Millipedes are arthropods of the class Diplopoda, meaning double foot. Millipedes possess elongated, segmented bodies with two leg pairs per segment. These arthropods are detritivores that feed on decomposing organic material.
Millipedes have long bodies with short antennae and short legs that are vertically in line with their bodies. This compact body shape enables them to plow through soil and detritus. Most millipedes are largely black, dark brown or grey with bolder shades of red, purple or yellow on their segments and legs. Small holes, or spiracles, on each segment allow them to breathe; millipede spiracles are most efficient in moist environments.
Millipedes inhabit nearly every habitat that includes dark, moist areas. They are commonly found under logs, in leaf litter and in compost. These areas provide a rich supply of decaying organic material – a millipede's primary food source. As detritivores, millipedes help to break down nutrients such as nitrogen and return them to the soil.
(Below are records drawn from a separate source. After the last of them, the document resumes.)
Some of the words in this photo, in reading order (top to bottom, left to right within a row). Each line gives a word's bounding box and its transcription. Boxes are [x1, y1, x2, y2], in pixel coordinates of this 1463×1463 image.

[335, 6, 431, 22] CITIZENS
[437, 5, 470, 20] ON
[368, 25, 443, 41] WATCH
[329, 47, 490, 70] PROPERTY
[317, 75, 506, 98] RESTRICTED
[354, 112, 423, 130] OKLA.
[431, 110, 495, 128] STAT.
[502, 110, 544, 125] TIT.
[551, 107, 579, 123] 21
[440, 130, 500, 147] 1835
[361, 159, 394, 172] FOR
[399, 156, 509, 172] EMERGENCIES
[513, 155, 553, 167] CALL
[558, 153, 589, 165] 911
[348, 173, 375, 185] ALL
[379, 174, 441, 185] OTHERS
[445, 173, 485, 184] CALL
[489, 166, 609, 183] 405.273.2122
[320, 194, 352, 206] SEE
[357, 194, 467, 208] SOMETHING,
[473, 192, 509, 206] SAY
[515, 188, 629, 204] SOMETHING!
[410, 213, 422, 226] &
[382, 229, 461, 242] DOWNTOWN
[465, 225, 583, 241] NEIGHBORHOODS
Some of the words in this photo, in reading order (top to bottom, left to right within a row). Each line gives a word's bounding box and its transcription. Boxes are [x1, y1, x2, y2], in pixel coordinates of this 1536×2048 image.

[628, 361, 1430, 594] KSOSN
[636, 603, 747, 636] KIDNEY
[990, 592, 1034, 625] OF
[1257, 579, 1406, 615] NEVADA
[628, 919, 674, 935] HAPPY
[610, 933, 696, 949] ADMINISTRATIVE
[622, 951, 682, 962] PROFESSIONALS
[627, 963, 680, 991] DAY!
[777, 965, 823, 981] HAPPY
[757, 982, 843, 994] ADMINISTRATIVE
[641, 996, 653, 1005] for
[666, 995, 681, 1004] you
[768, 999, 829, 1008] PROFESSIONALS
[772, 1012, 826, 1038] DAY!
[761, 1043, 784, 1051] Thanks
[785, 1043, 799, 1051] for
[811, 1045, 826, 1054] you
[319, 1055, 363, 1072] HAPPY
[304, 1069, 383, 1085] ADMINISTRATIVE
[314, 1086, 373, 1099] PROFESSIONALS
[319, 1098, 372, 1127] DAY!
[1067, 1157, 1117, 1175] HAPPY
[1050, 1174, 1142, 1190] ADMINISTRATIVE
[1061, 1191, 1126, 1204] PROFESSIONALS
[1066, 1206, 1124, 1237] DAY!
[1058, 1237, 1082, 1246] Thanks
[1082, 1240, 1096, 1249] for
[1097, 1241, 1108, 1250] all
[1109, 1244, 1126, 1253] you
Millipedes are not capable of biting in defense. Instead, they cope with threats by curling into a ball and secreting toxic or unpalatable substances through their exoskeletons. The secretions of a few species contain cyanide and several tropical millipedes can even project toxin at a predator's eyes.
Millipedes are often confused with centipedes because of their overall shape and number of legs. However, millipedes always have two leg pairs per segment, while centipedes only have one. Further, centipedes are venomous and capable of delivering a sometimes painful bite.